Witam,
potrzebuję Waszej rady, ponieważ jestem w kropce. Staram się o umieszczenie w DPS podopiecznego chorego na schizofrenię paranoidalną. Otrzymałem już zgodę z Sądu (podopieczny jest osobą całkowicie ubezwłasnowolnioną i mieszka z opiekunem, którym jest jego brat). Sąd dopuścił dowód w postaci opinii biegłego psychiatry. I tu jest problem. Otóż opiekun prawny nie jest w stanie stawić się z chorym na wizytę, ponieważ obawia się o to, co go zastanie w domu po powrocie z badań. Chory jest osobą agresywną, wielokrotnie groził śmiercią bratu jak i sąsiadom. Opiekun zdaje sobie sprawę z tego, że wizyta u psychiatry tylko pogorszy sprawę, ponieważ chory dowie się o tym, iż "brat chce się go pozbyć". Psychiatra nie wyraża zgody na wizytę w terenie, nawet w asyście policji. Jeden termin badań już przepadł, jest możliwość ustalenia drugiego - ale na tych samych warunkach - konieczność stawienia się u psychiatry. Już układałem różne scenariusze jak przekonać opiekuna, aby ten udał się na wizytę (w grę wchodziło już okłamywanie chorego, aby ten nie poznał prawdziwego celu badania). Wiem, że bez tej opinii nie będę w stanie dokończyć procedury kierowania do DPS (a brakuje mi, już tylko tego dokumentu).

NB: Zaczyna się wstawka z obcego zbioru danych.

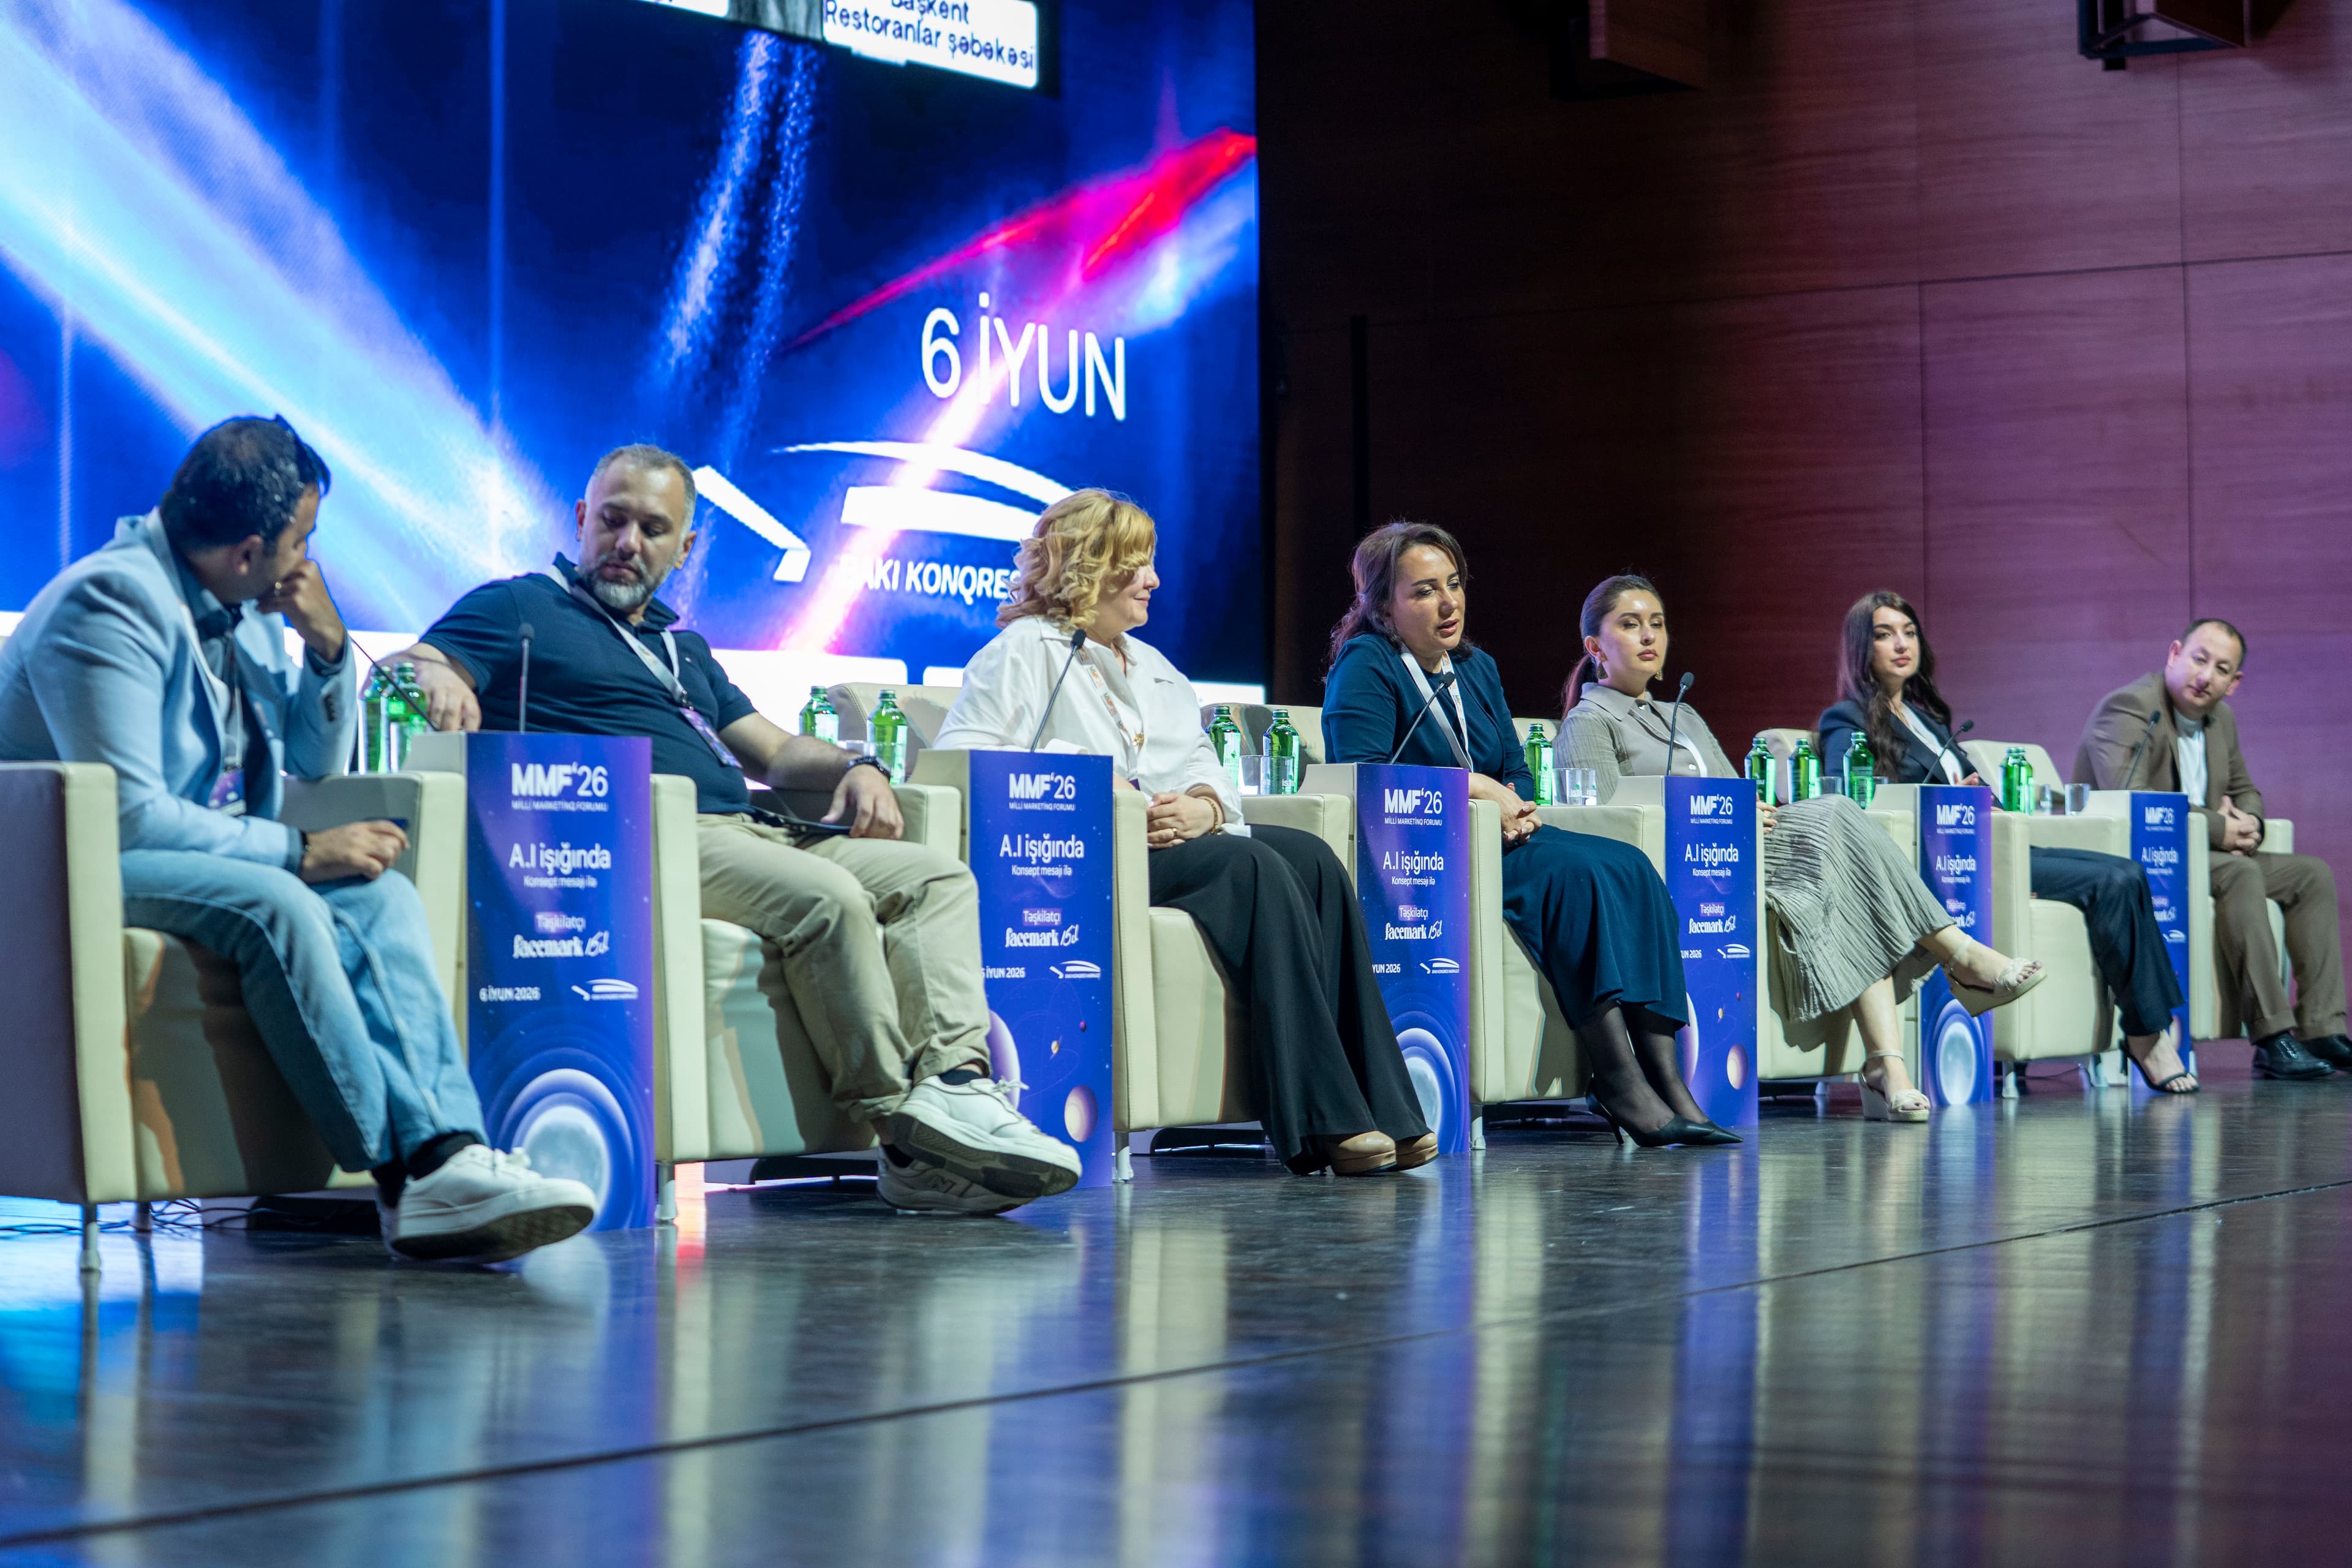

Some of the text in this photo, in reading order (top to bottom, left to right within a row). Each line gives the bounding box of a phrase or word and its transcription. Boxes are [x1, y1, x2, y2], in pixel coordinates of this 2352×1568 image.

[823, 0, 1034, 69] Restoranlar şəbəkəsi
[922, 292, 1126, 421] 6 İYUN
[511, 761, 609, 797] MMF'26
[1009, 772, 1076, 799] MMF'26
[1054, 803, 1076, 812] FORUMU
[1385, 788, 1442, 814] MMF'26
[1691, 794, 1733, 815] MMF'26
[1936, 803, 1975, 825] MMF'26
[509, 842, 611, 876] A.I işığında
[1000, 833, 1084, 864] A.I işığında
[1684, 843, 1739, 867] A.I işığında
[1012, 865, 1040, 877] Konsept
[1382, 850, 1444, 876] A.I işığında
[1392, 876, 1412, 886] Konsept
[1023, 910, 1061, 925] Təşkilatçı
[1399, 907, 1428, 921] Təşkilatçı
[1385, 922, 1427, 940] facemark
[1689, 918, 1723, 933] facemark
[512, 934, 584, 959] facemark
[1005, 927, 1059, 948] facemark
[1689, 949, 1702, 959] 2026
[986, 965, 1005, 979] İYUN
[1006, 967, 1026, 979] 2026
[1372, 963, 1401, 973] YUN 2026
[479, 985, 541, 1002] 6 İYUN 2026

I tu moje pytanie. Czy jest sens zwracania się do Sądu z wnioskiem/pismem o zaoczne sporządzenie opinii lub wyrażenie zgody bez? Mam świeżą opinię psychiatry, ale została ona sporządzona w czasie, gdy chory przebywał w grudniu w Szpitalu Psychiatrycznym. Proszę o jakieś wskazówki, bo zależy mi na jak najszybszym skierowaniu chorego do DPS, ponieważ każdy dzień jest wielką niewiadomą dla opiekuna, który podobnie jak sąsiedzi obawiają się o swoje życie.